Thanks for you help!

I agree that based on google's strict guidelines, 'unsafe-eval' is an allowed CSP keyword. But they also say that "This reduces the protection against certain types of DOM-based XSS bugs".

So, we want to avoid all kind of risk and have a cleaner implementation.

Since web snippet has key, I am not comfurtable sharing it here. But can you give me the steps to upgrade please?

Also, here is the CSP rule related to Zendesk

default-src 'self'
https://static.zdassets.com
https://ekr.zdassets.com
https://ekr.zendesk.com
https://<domain>.zendesk.com
https://*.zopim.com
https://zendesk-eu.my.sentry.io
wss://<domain>.zendesk.com
wss://*.zopim.com;
style-src 'unsafe-inline';
img-src 'self'
https://v2assets.zopim.io
https://static.zdassets.com
data:;
script-src 'self'
https://static.zdassets.com
https://ekr.zdassets.com
https://ekr.zendesk.com
https://<domain>.zendesk.com
https://*.zopim.com
https://zendesk-eu.my.sentry.io
wss://<domain>.zendesk.com
wss://*.zopim.com;

Prateek Hegde

Jul 25, 2022

Hi Erica,

Wanted to check if you get a chance to review our CSP rule.

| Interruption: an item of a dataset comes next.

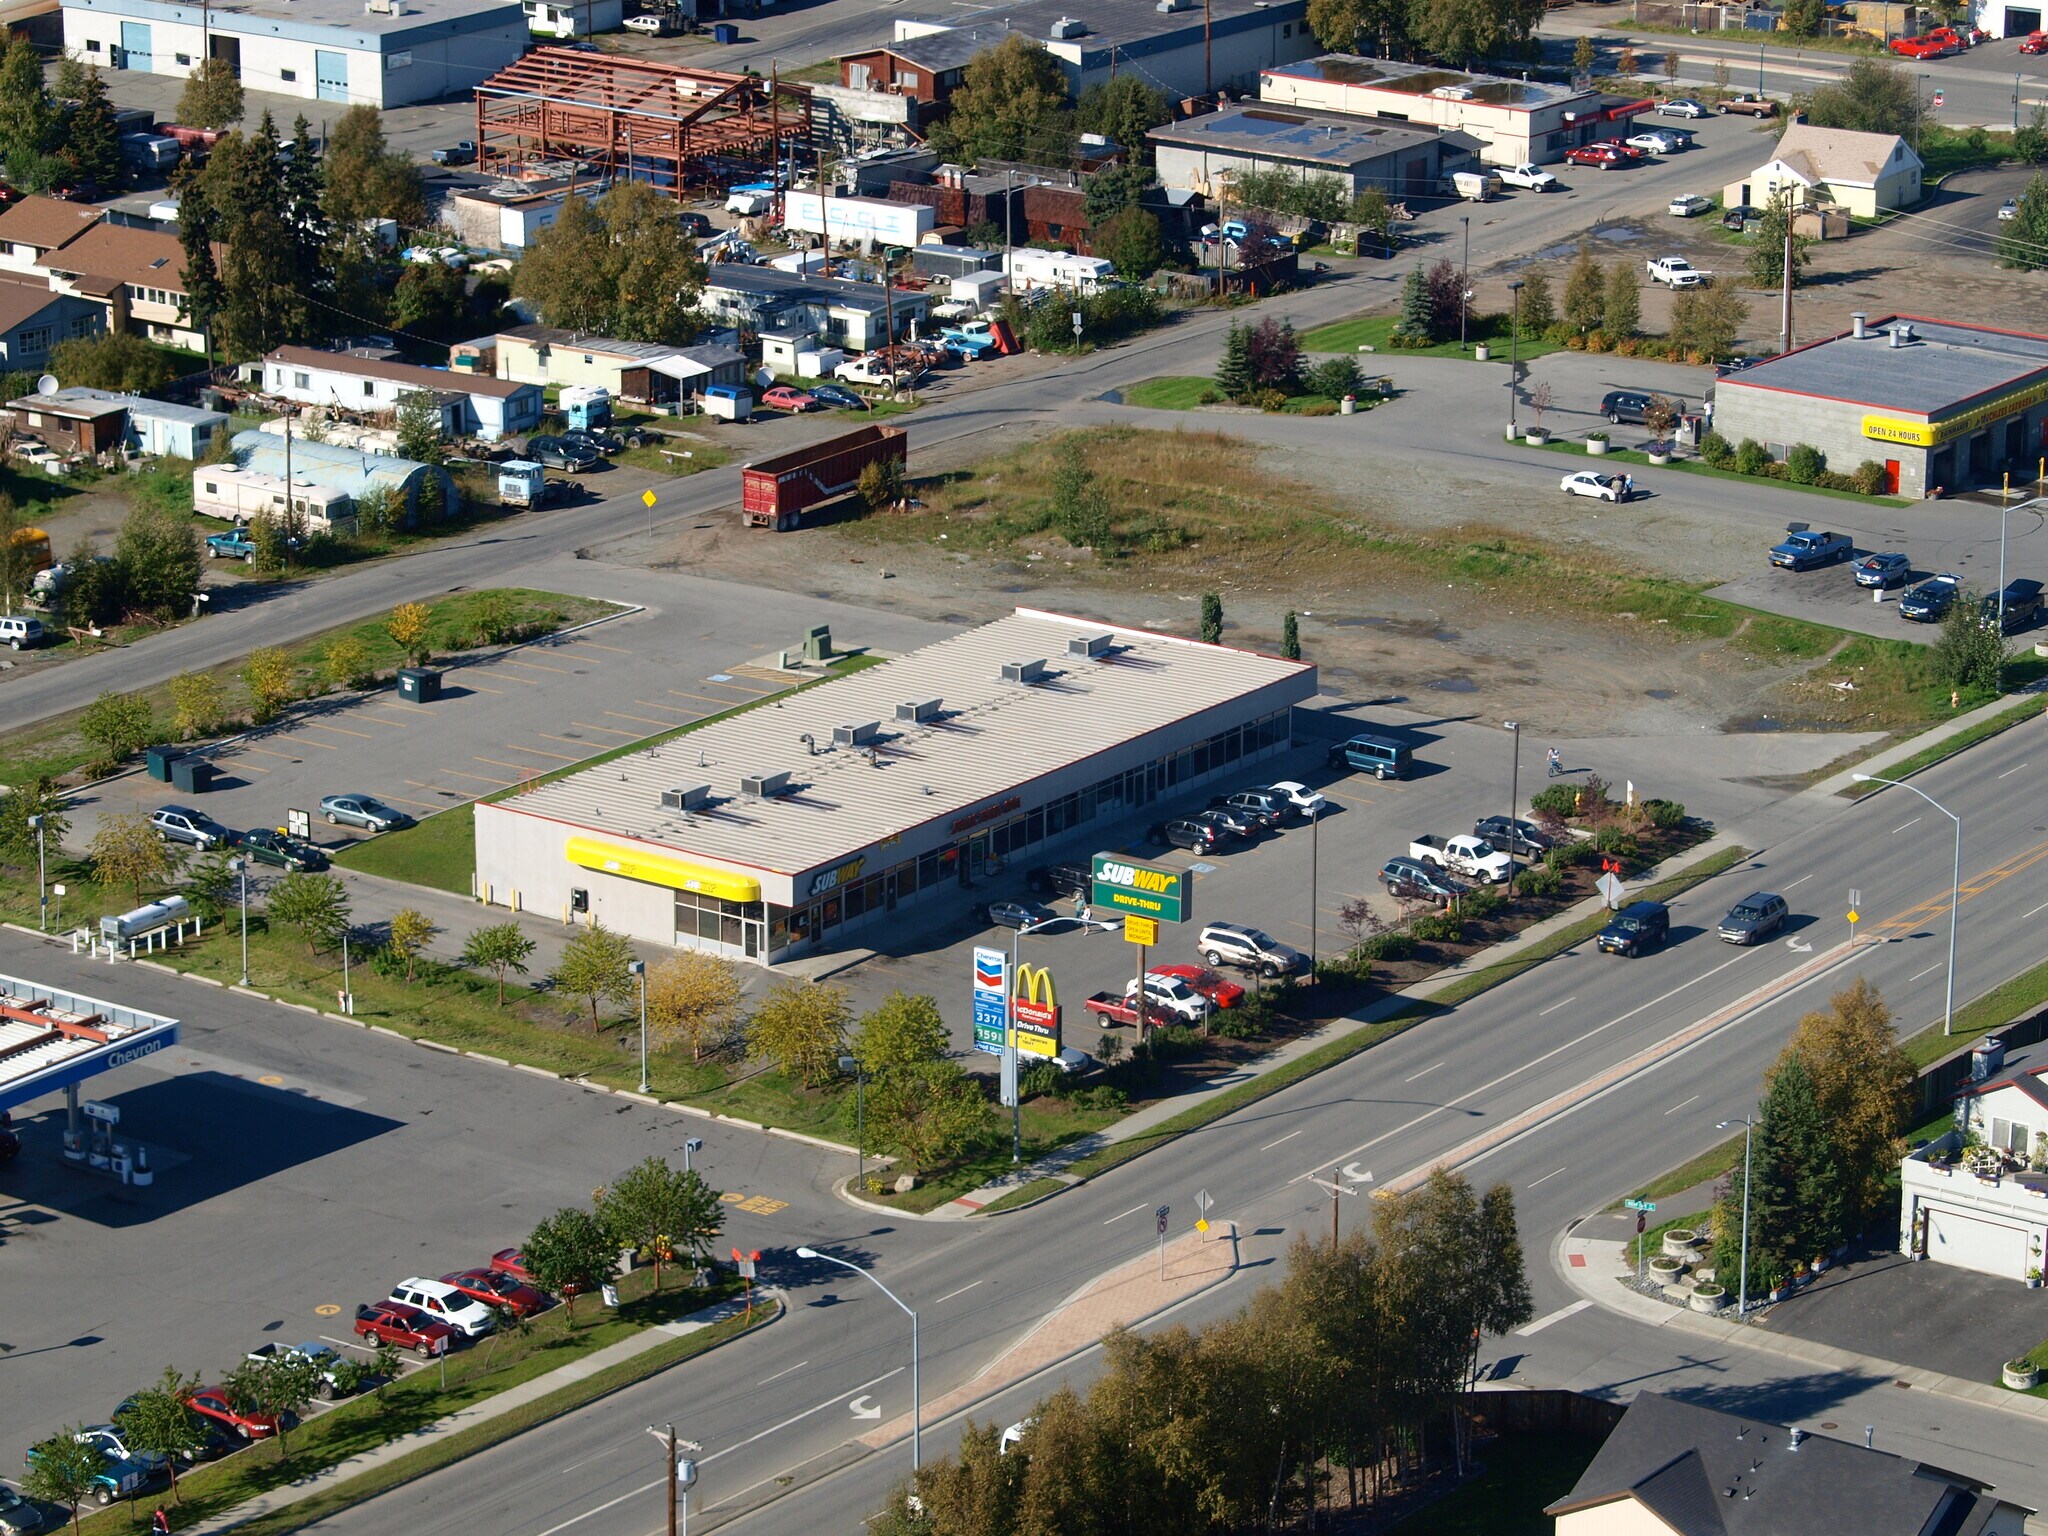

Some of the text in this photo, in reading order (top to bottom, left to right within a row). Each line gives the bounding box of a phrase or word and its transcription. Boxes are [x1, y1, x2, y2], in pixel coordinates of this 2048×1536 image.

Also, can you please share us the steps to upgrade to newest Web Widget Classic version.

Erica Girges

Zendesk Developer Advocacy

Jul 26, 2022

Hi Prateek,

I don't believe I received your code snippet. Would you be able to share it here? If you would prefer for privacy, I can create a ticket for you to share that info.

You should already have the latest version but just to verify, try running zE.version in the console for your website where you have the widget embedded.

Best,

Erica

Prateek Hegde

Jul 27, 2022

Hi Erica,

Here is the result of zE.version : '5cfa662'.

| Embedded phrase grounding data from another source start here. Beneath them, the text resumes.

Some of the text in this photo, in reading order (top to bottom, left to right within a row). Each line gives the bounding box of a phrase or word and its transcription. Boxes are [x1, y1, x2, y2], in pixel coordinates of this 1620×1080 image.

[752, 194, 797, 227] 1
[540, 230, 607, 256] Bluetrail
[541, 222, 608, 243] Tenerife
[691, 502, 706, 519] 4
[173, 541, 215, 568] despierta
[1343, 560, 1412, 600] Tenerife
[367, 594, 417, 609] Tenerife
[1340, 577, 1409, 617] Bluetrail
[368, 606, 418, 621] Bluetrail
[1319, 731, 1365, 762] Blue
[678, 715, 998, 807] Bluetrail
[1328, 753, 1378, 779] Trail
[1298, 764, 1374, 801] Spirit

Also, if you need more info about code snippet, can you please create a ticket? Since, it has key, we prefer ticket.

Taras Velychko

Apr 05, 2024

Hi.

Our chat widget isn't working properly because now it demands unsafe-eval to be allowed.

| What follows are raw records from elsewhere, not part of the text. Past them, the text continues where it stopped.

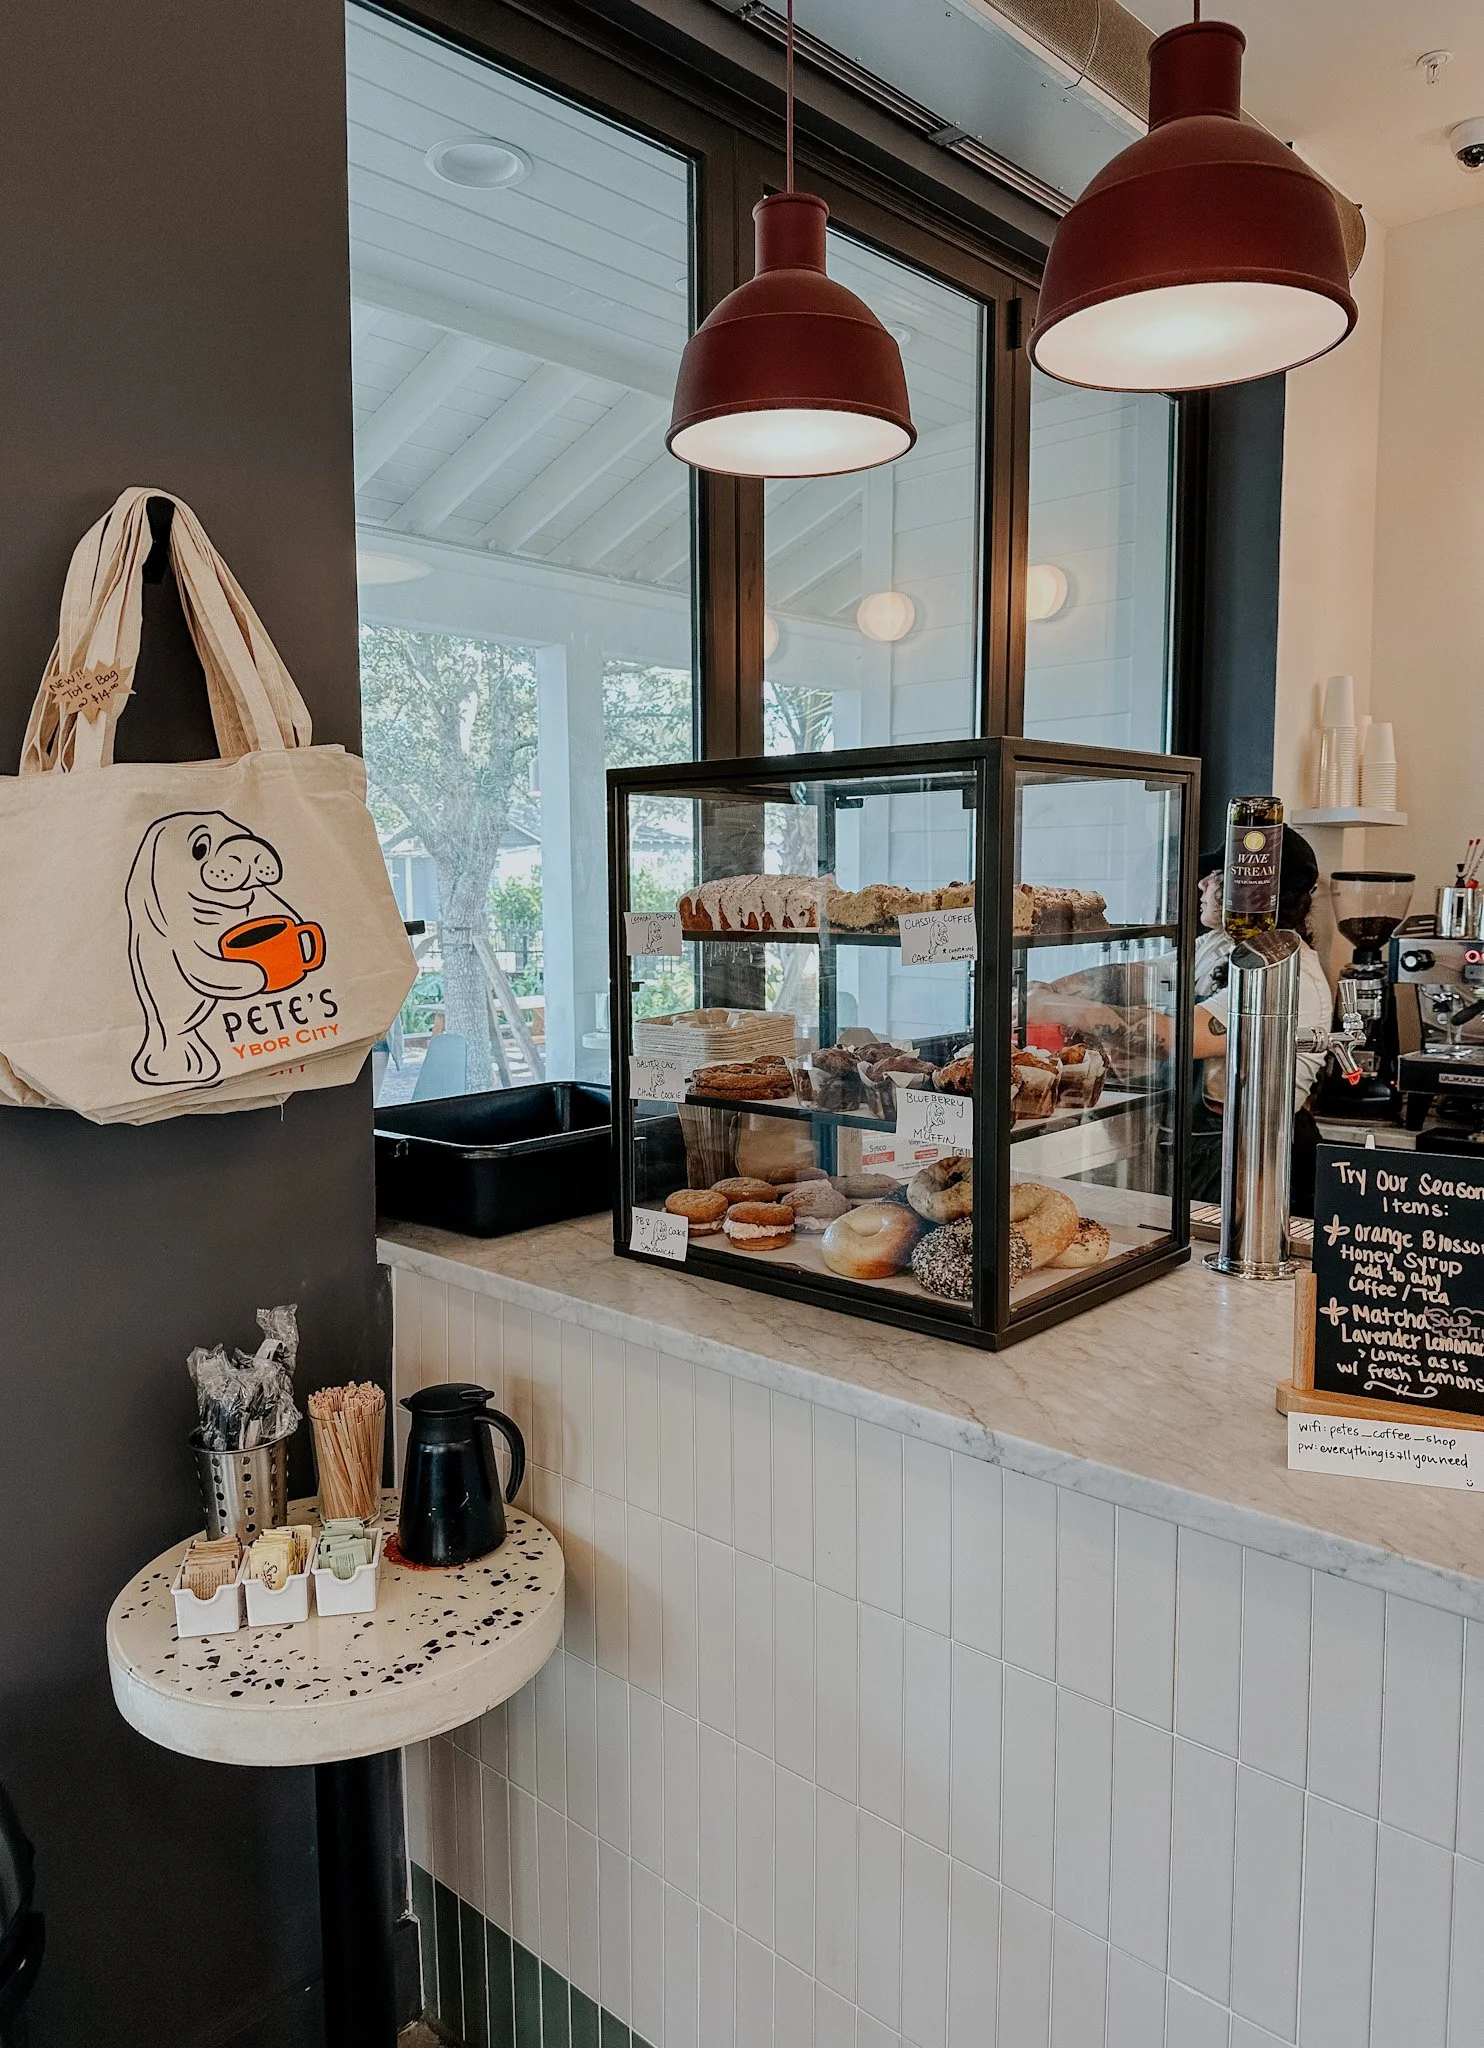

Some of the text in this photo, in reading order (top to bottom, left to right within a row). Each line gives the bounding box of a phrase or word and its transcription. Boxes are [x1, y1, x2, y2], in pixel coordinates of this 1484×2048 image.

[62, 670, 119, 699] Tote Bag
[1238, 853, 1270, 864] WINE
[1230, 865, 1276, 877] STREAM
[904, 912, 973, 930] CLASSIC COFFEE
[911, 953, 934, 963] CAKE
[222, 988, 339, 1043] PETE'S
[232, 1023, 339, 1060] YBOR CITY
[906, 1092, 964, 1118] BLUEBERRY
[913, 1128, 956, 1145] MUFFIN
[869, 1144, 887, 1153] Sysco
[1331, 1161, 1367, 1196] Try
[1376, 1169, 1409, 1193] Our
[1383, 1196, 1449, 1217] Items:
[1354, 1223, 1484, 1255] Orange Blosso
[1339, 1244, 1463, 1278] Honey Syrup
[1348, 1276, 1398, 1299] Coffee
[1354, 1262, 1442, 1293] Add to any
[1351, 1303, 1432, 1330] Matcha
[1430, 1313, 1472, 1328] SOLD
[1341, 1322, 1422, 1350] Lavender
[1336, 1360, 1359, 1376] w/
[1428, 1356, 1450, 1370] as

However, it isn't one of the safe practices and is blocked by CSP policies.

Moreover, unsafe-eval was not used before today or yesterday and chat widget was working fine. But now it requires unsafe-eval to run. You can see on the screenshot that Google warns against using it and I don't understand you argument that “it is an allowed CSP keyword”.

This should definitely be fixed immediately

Tipene Hughes

Zendesk Developer Advocacy

Apr 09, 2024

Hi Taras,

I've tested this across multiple web widget instances and I've been unable to reproduce the issue you're seeing. Is this still present on your end? If so, can you provide a link where I can see this? Or, if there are any specific steps to reproduce, please outline those here.

Thanks,

Tipene

Taras Velychko

Apr 10, 2024

Hi Tipene.

You should check it in our web app
https://app.help-desk-migration.com/authorization/sign-in

Christof Moser

Apr 10, 2024

got the same issue following https://developer.zendesk.com/documentation/classic-web-widget-sdks/web-widget/integrating-with-google/csp/

Not working without unsafe-eval
can you fix so we don't need to set ‘unsafe-eval’ ?

Christopher Kennedy

Zendesk Developer Advocacy

Apr 22, 2024

Hi Christof,

I've created a ticket to work with you in greater detail on this. Please refer to the ticket for next steps.

Yura Kril

Apr 23, 2024

Hi Tipene Hughes,

Taras Velychko provided you with all the examples of how to easily reproduce this issue, and it is reproducible not only for us. Why is there no response from you and your team on this matter?

Taras Velychko

Apr 23, 2024

So will we get a universal solution or you're going case by case with whoever complains?

Ho do we make your chat log in users without allowing unsafe-eval? Web widget receives all the necessary user information for logging him in, but it doesn't happen.

Christopher Kennedy

Zendesk Developer Advocacy

Apr 23, 2024

Hi Folks,

Apologies for the confusion. Our inability to reproduce was due to an issue with the testing steps/conditions. Our team is currently reviewing this issue.